DECISION AND JUDGMENT ENTRY {¶ 1} This is an appeal from a judgment of the Williams County Court of Common Pleas that granted appellees' Civ.R. 60(B) motion to vacate the trial court's earlier judgment naming appellant as priority lien holder on three parcels of real property. For the following reasons, the judgment of the trial court is affirmed. *Page 2

{¶ 2} This matter arose in the trial court as a foreclosure action brought by appellant in 2004, as a result of a judgment he obtained against Laura and Leonard Arquette, who owned three parcels of land in Williams County. The record reflects that appellant filed a judgment lien against the Arquettes' real property on October 6, 2004, in the amount of $6,198.88 plus interest. The record further reflects that the Arquettes' three parcels of land were subject to mortgages held by appellees: two mortgages, each in the amount of $15,750, were recorded on January 7 and January 28, 2003; the third mortgage, in the amount of $32,000, was recorded on November 12, 2003.

{¶ 3} On November 16, 2004, appellees, who were also named as defendants in appellant's complaint in foreclosure, filed an answer to the complaint. In their answer, they asked that all liens on the three parcels be marshaled and their priority determined. Appellees also filed a cross-claim (erroneously captioned as a counterclaim) against the Arquettes on the underlying notes. The answer and cross-claim were filed together.

{¶ 4} On December 21, 2004, the Arquettes filed for protection under Chapter 7 of the Bankruptcy Code. On December 30, 2004, they reaffirmed their underlying obligation with appellees. Thereafter, appellees filed a motion to dismiss their cross-claim; they did not move to dismiss their answer. The trial court filed an entry dismissing appellees' cross-claim on January 31, 2005. The Arquettes received a discharge in bankruptcy on April 14, 2005.
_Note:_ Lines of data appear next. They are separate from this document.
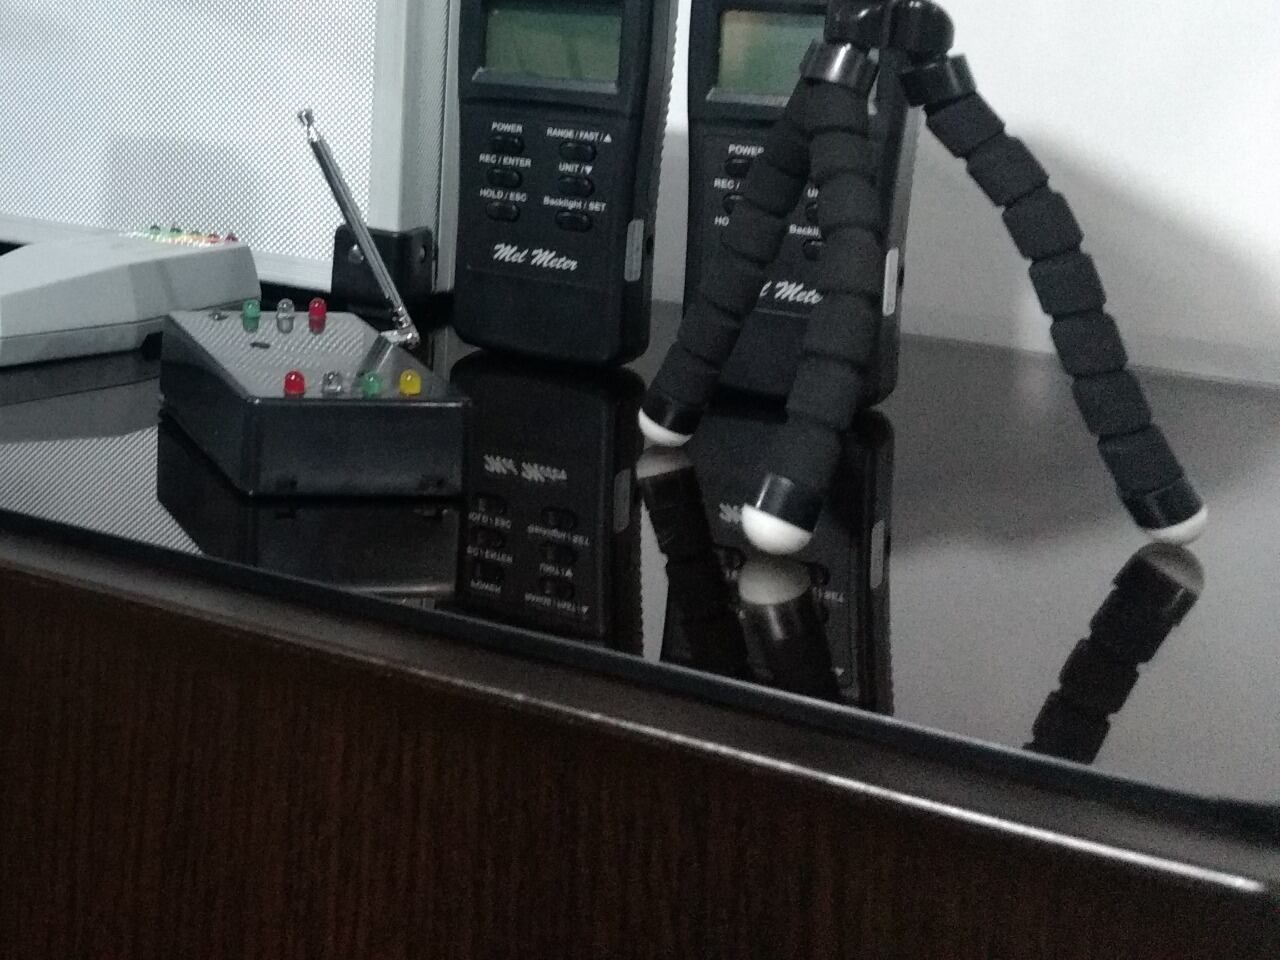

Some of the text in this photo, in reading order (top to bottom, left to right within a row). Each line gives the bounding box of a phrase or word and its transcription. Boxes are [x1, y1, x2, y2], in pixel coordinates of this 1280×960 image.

[491, 121, 523, 134] POWER
[546, 126, 574, 139] RANGE
[579, 130, 600, 141] FAST
[479, 152, 498, 165] REC
[502, 156, 532, 169] ENTER
[558, 162, 580, 174] UNIT
[714, 177, 735, 190] REC
[479, 187, 504, 200] HOLD
[508, 191, 528, 203] ESC
[542, 194, 583, 211] Backlight
[587, 200, 608, 213] SET
[492, 242, 579, 271] Mel Meter
[774, 280, 824, 305] Mete
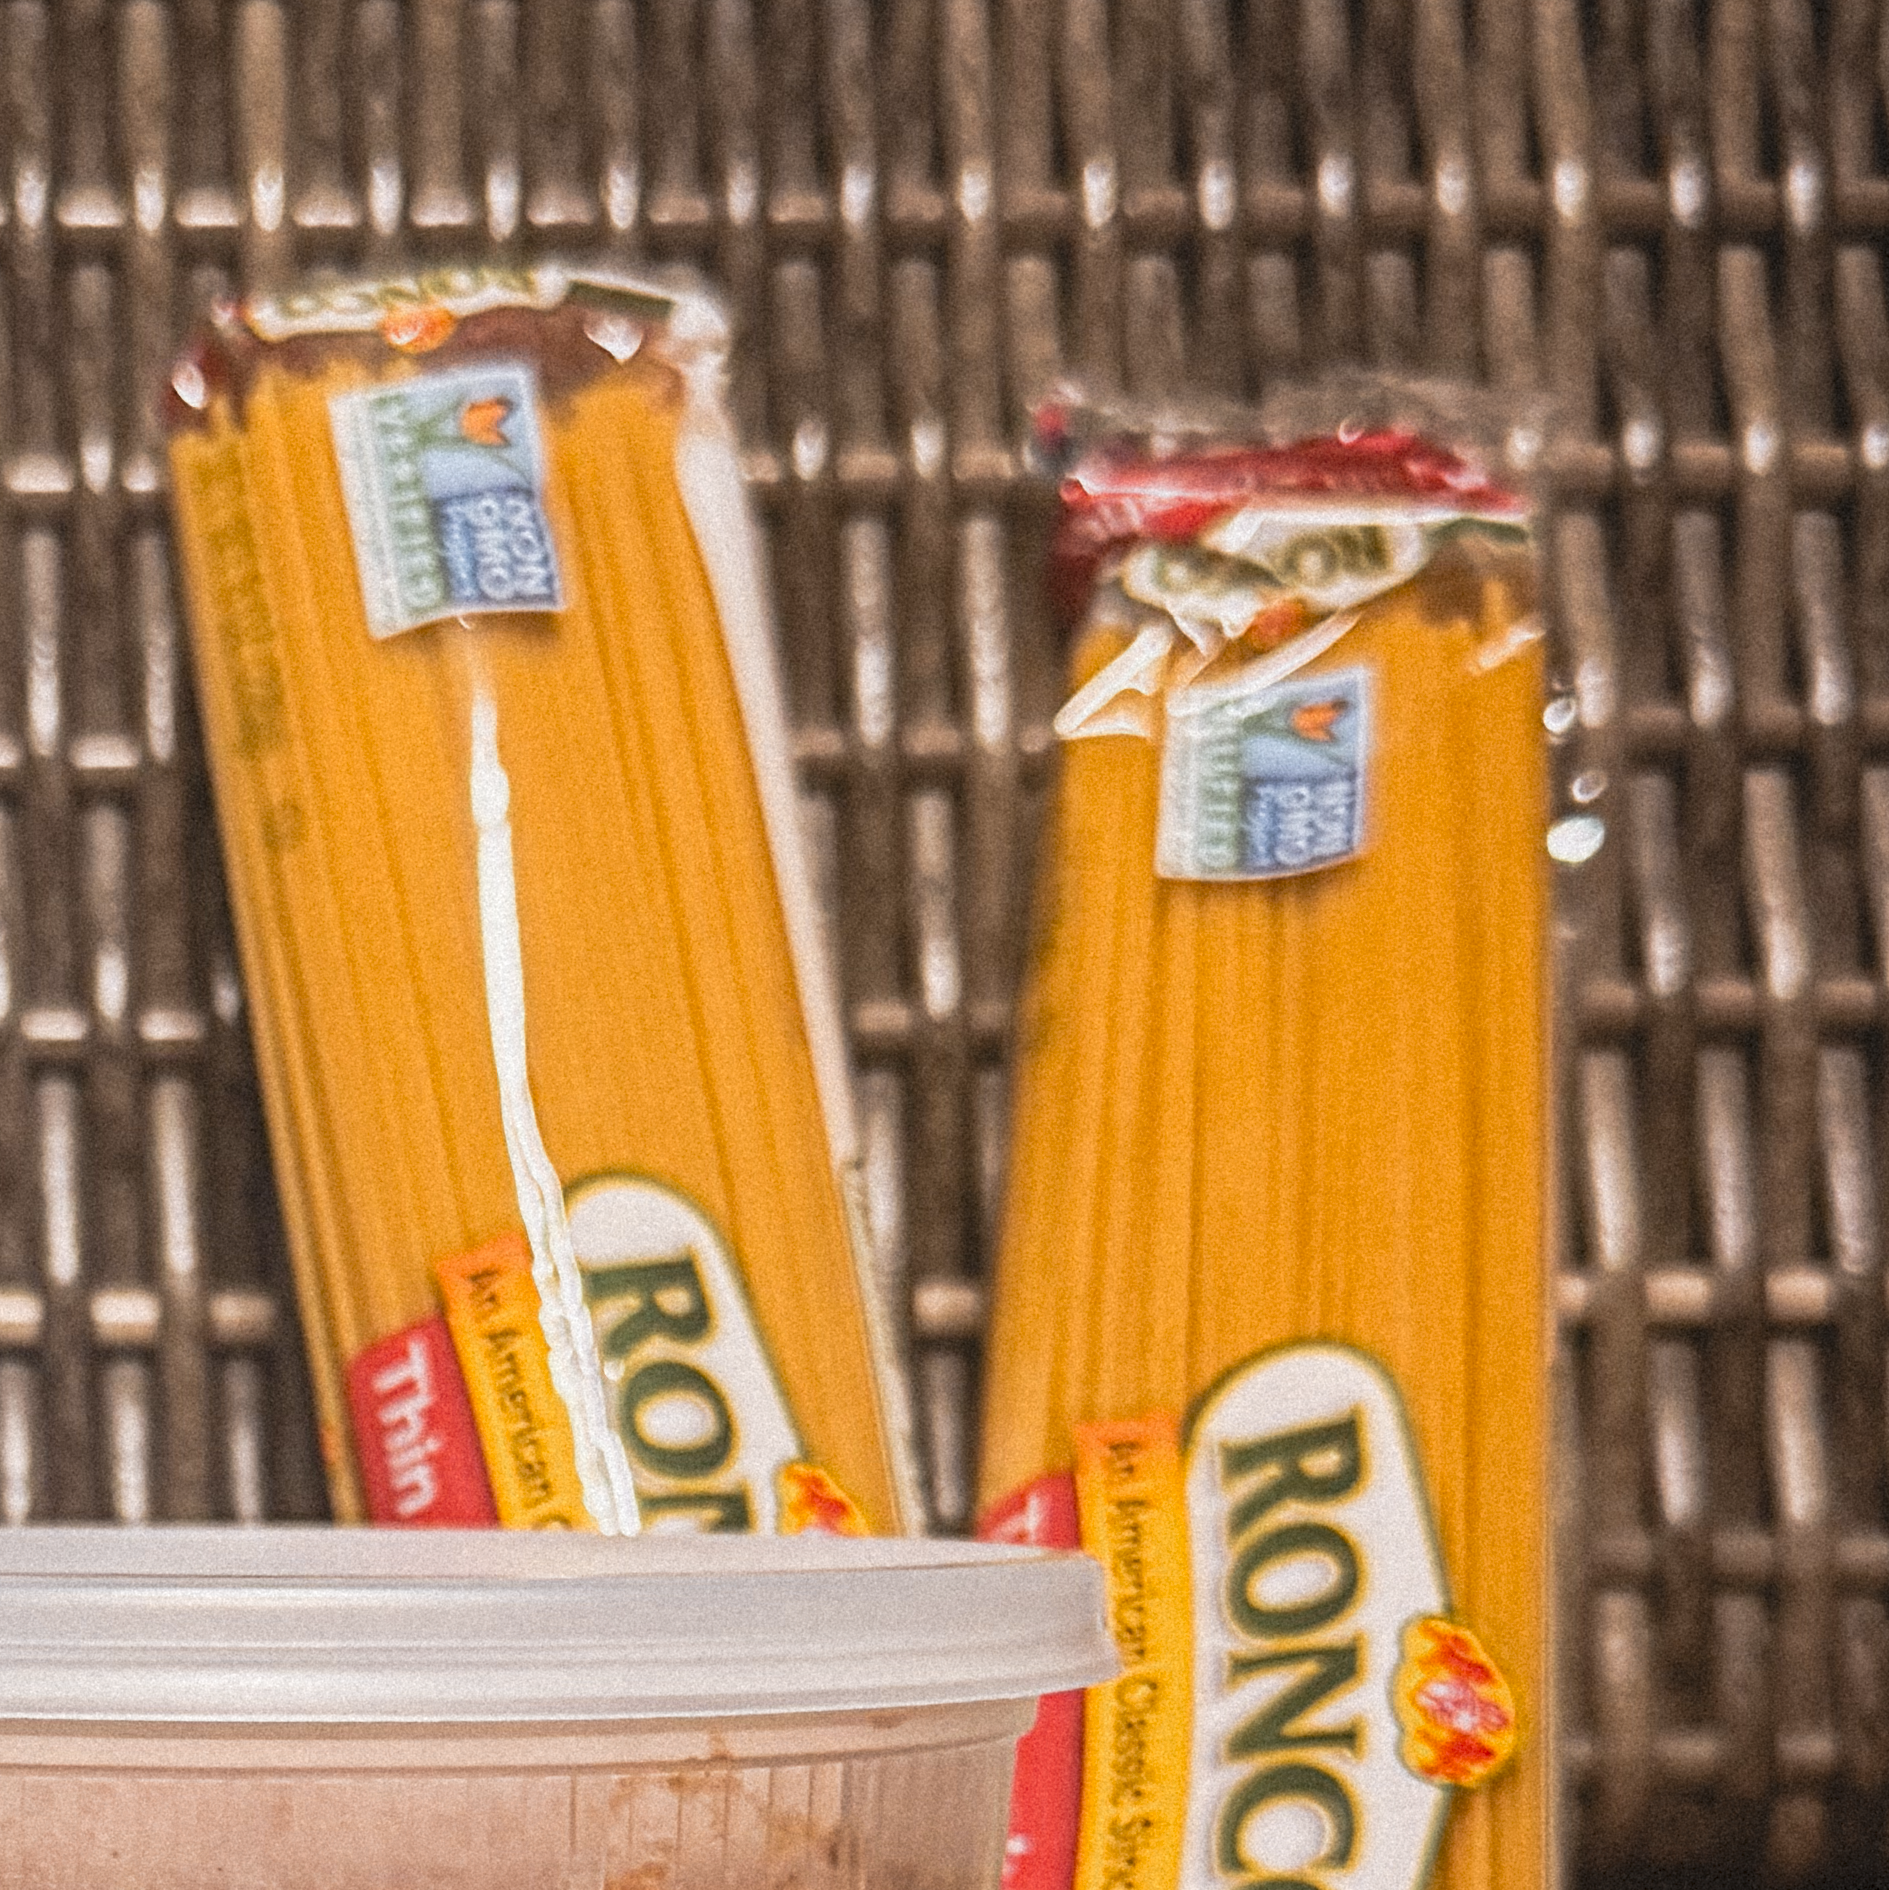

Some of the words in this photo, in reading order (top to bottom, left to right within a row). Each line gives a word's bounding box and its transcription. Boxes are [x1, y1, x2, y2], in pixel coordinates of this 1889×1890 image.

{¶ 5} On September 20, 2005, the trial court granted appellant summary judgment on his complaint, ordered the three parcels of land sold, and ordered the sale *Page 3 proceeds to be distributed by the sheriff to costs and then "to the other claimants in accordance with the priority of their liens."

{¶ 6} The parcels were sold in July 2006, for a total of $63,200. On September 14, 2006, appellant filed a motion to confirm the sales and distribute the proceeds. Attached to his motion was appellant's proposed "Judgment Entry Confirming Sale and Order Distributing Proceeds of Sale." The proposed judgment entry was not served on appellees. The judgment entry, which was actually the form submitted by appellant, was signed by the trial court and filed on September 20, 2006. Pursuant to the entry, a portion of the sales proceeds was allotted to cover various costs and taxes, with $8,250.71 to appellant and the balance to the Arquettes. No distribution was provided to appellees for their mortgages, which had been recorded in Williams County before appellant's judgment lien.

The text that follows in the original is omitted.